WORK ITEM – Lines from the one containing "Some of the text" through the last line of the data below are to be returned exactly; leave out the rest.
-- AVAILABLE DATA follows --
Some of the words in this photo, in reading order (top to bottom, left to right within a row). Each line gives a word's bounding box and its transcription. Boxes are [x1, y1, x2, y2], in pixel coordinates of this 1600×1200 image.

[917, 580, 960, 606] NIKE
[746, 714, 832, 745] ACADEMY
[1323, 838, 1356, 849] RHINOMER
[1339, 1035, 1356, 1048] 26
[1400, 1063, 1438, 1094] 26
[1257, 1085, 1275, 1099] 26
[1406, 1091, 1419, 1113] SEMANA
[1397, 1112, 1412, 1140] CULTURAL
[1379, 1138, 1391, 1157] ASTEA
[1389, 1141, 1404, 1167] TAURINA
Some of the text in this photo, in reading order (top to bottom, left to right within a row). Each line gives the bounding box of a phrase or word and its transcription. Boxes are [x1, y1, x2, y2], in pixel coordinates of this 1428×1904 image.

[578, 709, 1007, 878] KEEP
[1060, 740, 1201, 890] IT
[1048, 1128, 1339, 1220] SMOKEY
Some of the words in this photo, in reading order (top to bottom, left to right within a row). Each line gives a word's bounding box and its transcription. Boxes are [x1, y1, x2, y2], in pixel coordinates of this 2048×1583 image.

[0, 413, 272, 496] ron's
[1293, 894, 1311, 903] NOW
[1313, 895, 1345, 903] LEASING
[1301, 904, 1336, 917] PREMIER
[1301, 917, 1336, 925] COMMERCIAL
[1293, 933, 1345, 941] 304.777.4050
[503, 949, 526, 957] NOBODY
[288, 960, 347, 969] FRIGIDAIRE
-- AVAILABLE DATA concluded --
RESULT –
Some of the text in this photo, in reading order (top to bottom, left to right within a row). Each line gives the bounding box of a phrase or word and its transcription. Boxes are [x1, y1, x2, y2], in pixel coordinates of this 1428×1904 image.

[578, 709, 1007, 878] KEEP
[1060, 740, 1201, 890] IT
[1048, 1128, 1339, 1220] SMOKEY
Some of the words in this photo, in reading order (top to bottom, left to right within a row). Each line gives a word's bounding box and its transcription. Boxes are [x1, y1, x2, y2], in pixel coordinates of this 2048×1583 image.

[0, 413, 272, 496] ron's
[1293, 894, 1311, 903] NOW
[1313, 895, 1345, 903] LEASING
[1301, 904, 1336, 917] PREMIER
[1301, 917, 1336, 925] COMMERCIAL
[1293, 933, 1345, 941] 304.777.4050
[503, 949, 526, 957] NOBODY
[288, 960, 347, 969] FRIGIDAIRE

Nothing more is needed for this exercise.